I tuned into “The Factor” sometimes. It always helps to know sometimes what all sides are thinking – better yet, are saying; sadly, that’s even if its bolstered in fear, anger, and hate. It was perspective for me, and more often than I’ll admit, I did more head-shaking and smirking.
“Welcome to the No-Spin Zone”, he always said to introduce his show. Instead, I came away spinning so much that I was getting one of those dizzying headaches you got as a kid when you held you arms out and twirled around as fast as you could.
But it takes all kinds of people to make up a world.
Last Wednesday night I watched as comedian Stephen Colbert on his late-night show sidestep his usual “Trump-bashing” to almost recite a homily to the deposed host of “The Factor”.
You see, there’s history here. For over 10 seasons on Comedy Central, Colbert played this fictional conservative named: Stephen Colbert, not the actual, real Stephen Colbert, but a character that amused us nightly on the “Colbert Report.”

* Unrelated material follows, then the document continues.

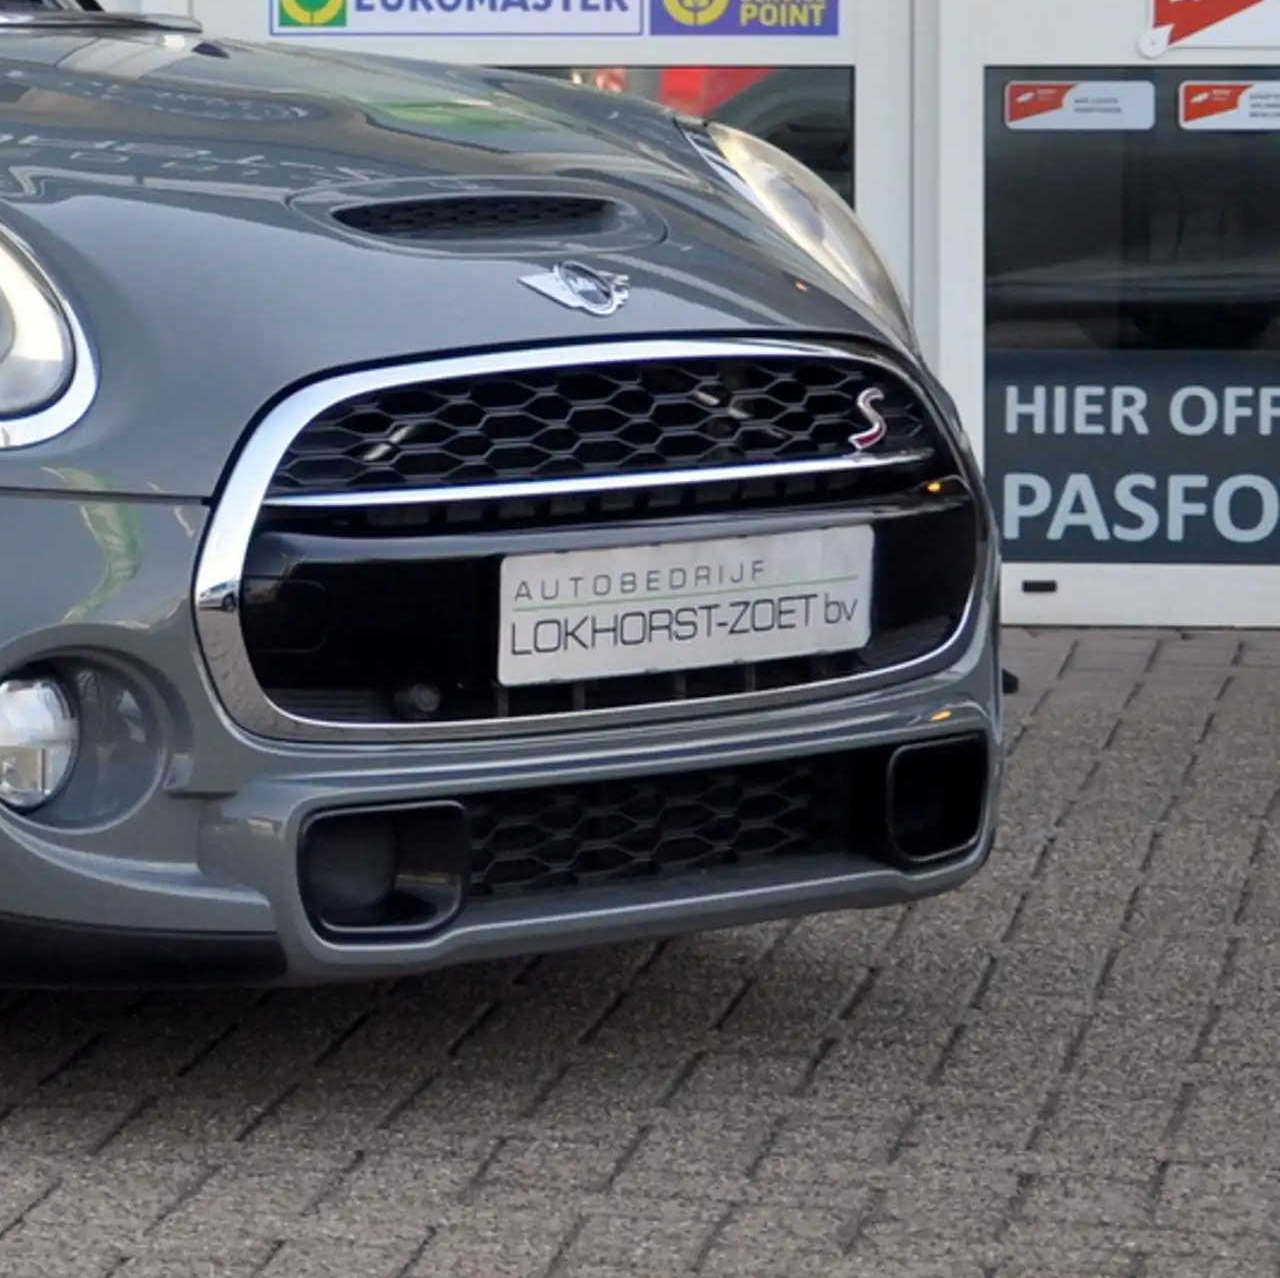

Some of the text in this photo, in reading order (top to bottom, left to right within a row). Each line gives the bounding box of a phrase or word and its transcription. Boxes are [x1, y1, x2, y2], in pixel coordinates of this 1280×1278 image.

On that satirical show, Colbert’s pompous, fear mongering character was a send-up of an entire class of cable-news blowhards of whom O’Reilly stood at the forefront as the king of the genre.
Wednesday night, after the announcement from 21st Century Fox that O’Reilly was off Fox News following revelations in the New York Times of a string of sexual harassment complaints; many of which were settled surreptitiously, Colbert revived “Colbert” to pay tribute to his inspiration.
“You know, over the years, I have talked one or two times about Fox News host and bold, fresh piece of humanity Bill O’Reilly,” Colbert, the real one, said in his monologue.
“Now, Bill and I did not see eye-to-eye on … anything,” he continued. “I’ve done my share of jokes about him, he’s been a guest on this show, and I take no pleasure in his downfall. Okay? I’m not going to sit here and publicly gloat.”
I knew the joke was coming.
Sure enough, the comic went off-camera and you could hear snickering, gloating sounds.
Nice, Stephen, we get the yuks.
But then Colbert acknowledged the obvious.
“Here’s the thing: I owe a lot to Bill O’Reilly,” he said. “I spent over nine years playing a character based largely on him — and then 12 months in therapy.”
So, as a tribute, he resurrected the Colbert “character”: a brash, loud-mouthed, right-wing know-it-all with some parting words for a brash, loud-mouthed, right-wing know-it-all.
Yep.
“Hello nation — and shame on you,” said Colbert, the character with the arched eyebrow. “You failed him; you failed Bill O’Reilly. You didn’t deserve this great man. All he ever did was have your back — and if you’re a woman, have a go at the front, too. And what, suddenly sexual harassment’s a crime? But that’s the country we live in now.”
And then he appeared to choke up, adding: “Stay strong, Papa Bear.”
O’Reilly made several trips to “The Late Show,” on which Colbert once called his fellow pundit, “a cable-news superhero.” Earlier, before its demise, Colbert of ‘The Colbert Report’ appeared on ‘The Factor’.
Someone once called those moments as where parody meets inspiration.
During one of those appearances, O’Reilly is reported to have said, “I’m not a tough guy. This is all an act.”
Colbert retorted as though his mirror-image of O’Reilly had been broken like the ‘fourth-wall’ in television, or theater: “If you’re an act, then what am I?”
What’s an act, and what’s real?
Now that’s something for those of us who’re no longer ‘spinning’ to stop and really think about.